Vücut şekillendirmede radyofrekans yardımıyla yapılan uygulama var mı?
BodyTite yeni nesil vücut şekillendirme ve sıkılaştırma yöntemi olarak biliniyor. Bu uygulama cildin sıkılaştırılmasında ve sarkmaların giderilmesinde kullanılan radyofrekans yardımlı yağ aldırma işlemi. Alt bedende göbek-bel-sırta uzanan simit bölgesi, bacak içleri, diz kapağı iç alanı ve üstüne uygulanıyor. Erkeklerde ise bel çevresi ve alt karına yapılabiliyor. Uygulamanın klasik liposuction yağ aldırma ameliyat yöntemine göre avantajı bulunuyor. İşlem sırasında verilen radyofrekans ses dalgaları yağ hücrelerinin hızlı bir şekilde parçalanmasını sağlıyor. Bu sayede yağ alma işlemi sırasında emilim daha kolay ve hızlı oluyor. Daha az ağrılı olurken cillte de az bir morarma meydana geliyor. Uygulamaların ömrü hep söylediğimiz gibi uygulama yapılan kişiye bağlı.

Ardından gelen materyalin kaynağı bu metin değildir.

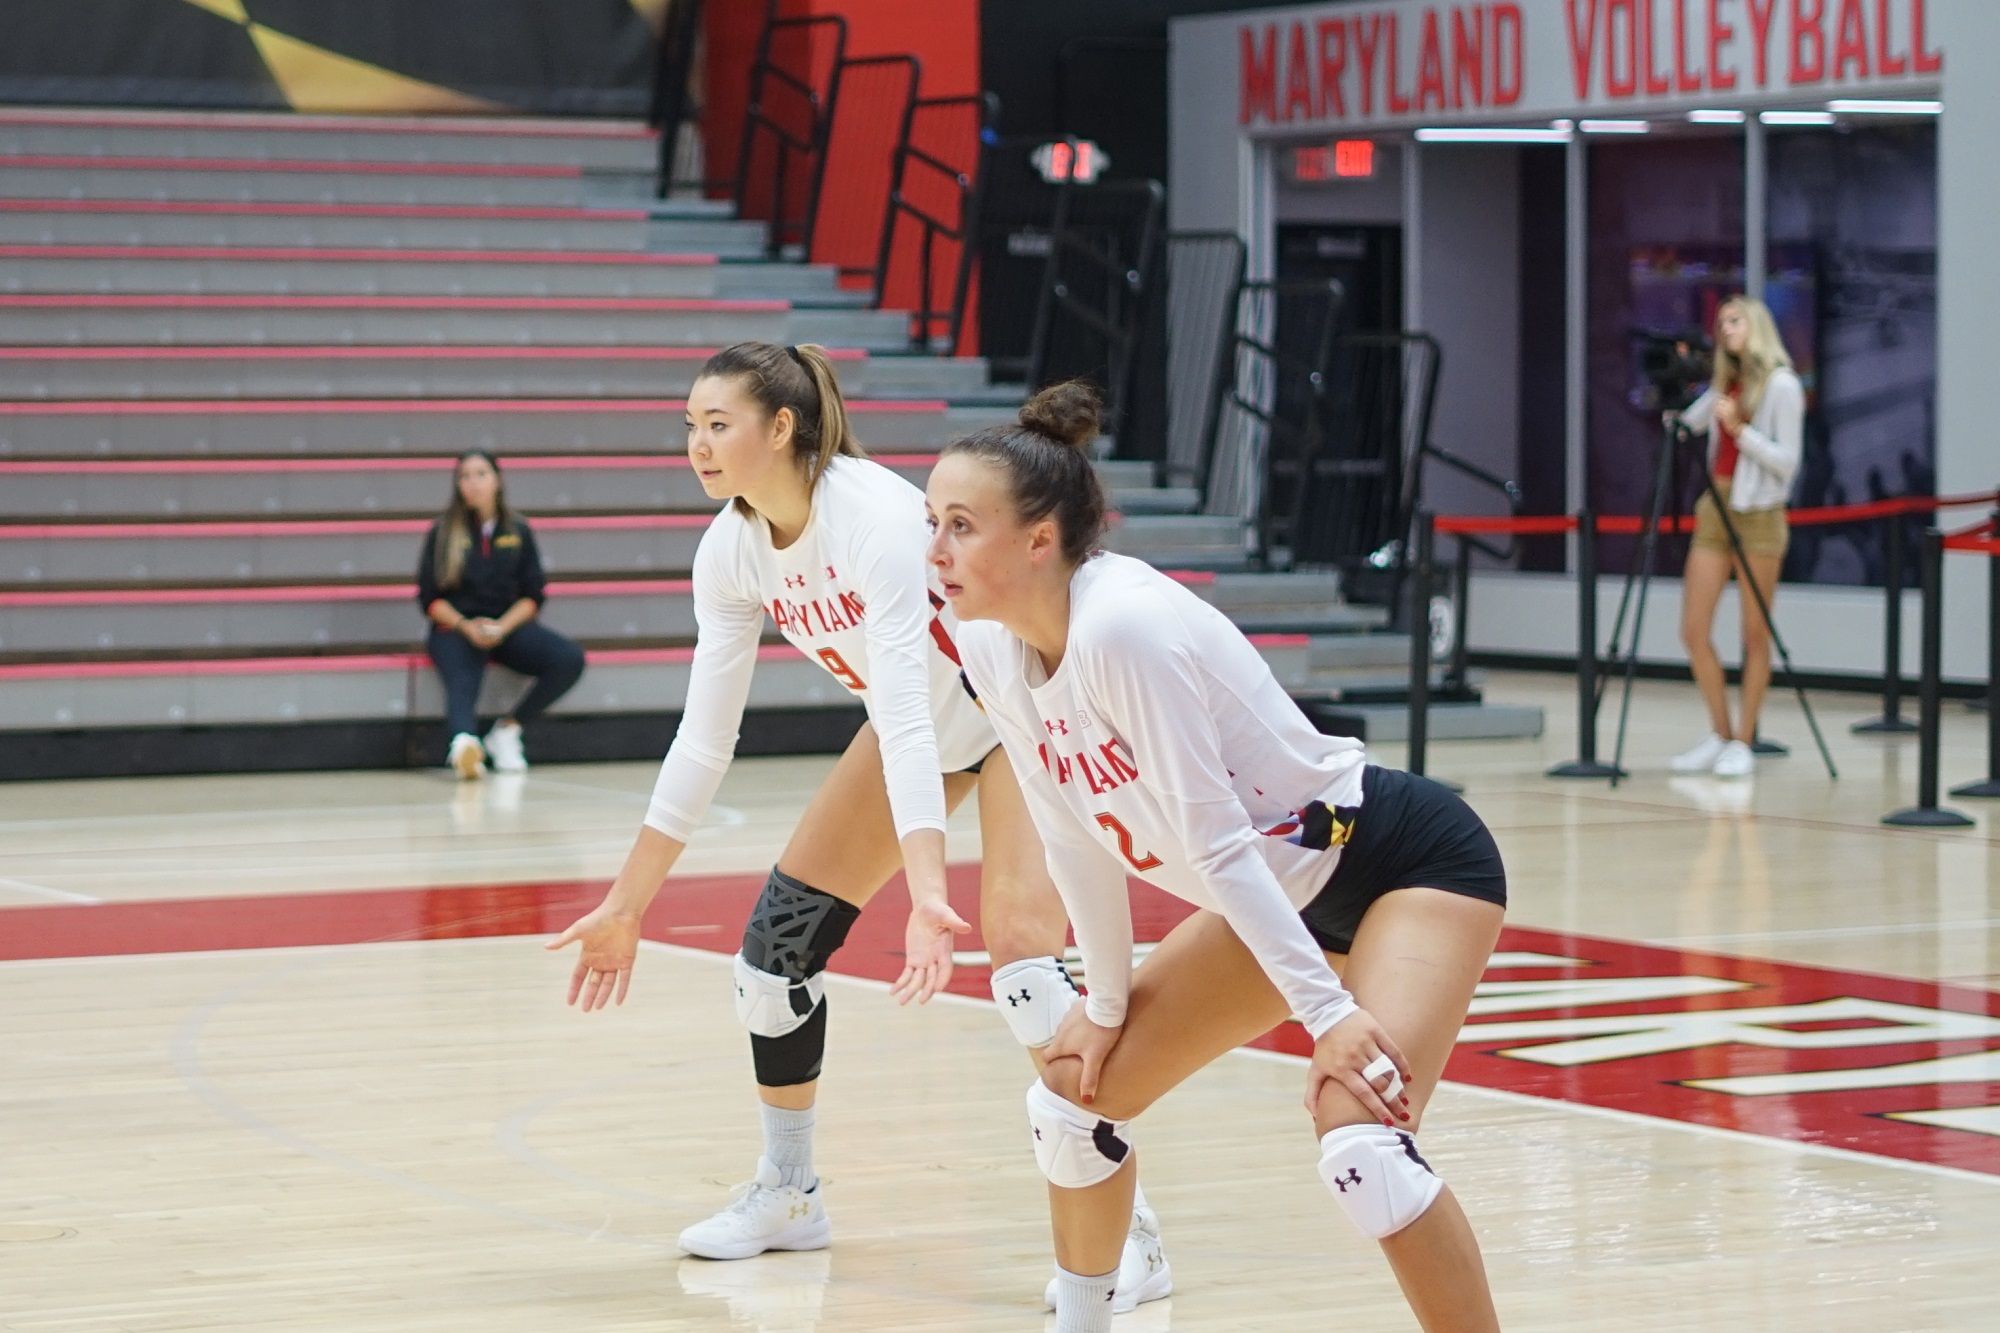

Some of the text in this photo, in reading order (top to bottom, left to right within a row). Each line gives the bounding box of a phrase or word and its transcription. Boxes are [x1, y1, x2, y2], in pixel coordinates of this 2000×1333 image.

VÜCUDU ŞEKİLLENDİRİRKEN SELÜLİT VE ÇATLAK GÖRÜNTÜSÜNDEN DE KURTULABİLİR MİYİZ? NASIL? *
Selülit ve çatlakların görünümünü iyileştirmek mümkün. Bu iki cilt sorununda daha çok ameliyatsız cihazlı uygulamaları öneriyoruz. Radyofrekans, ultrason dalgaları ile çalışan ve spesifik bu sorunların iyileştirilmesi için gereken cihazlarla uygulamalar yapılabilir. Böylece kişinin durumuna göre belirlenecek seans sayılarına göre bu sorunlara çözüm bulunabilir. Bu uygulamalarla birlikte PRP, mezoterapi gibi işlemleri kombinleyerek etkisini de arttırabilirsiniz. Ancak burada özellikle belirtmek isterim ki, hastalar sihirli değnek ile dokunmamazı bekliyor. Oysa her şey emekle, sabırla ve seansları aksatmayarak oluyor. Daha etkin sonuç almak için kendilerine göre hazırlanan özel programa uymaları gerekiyor.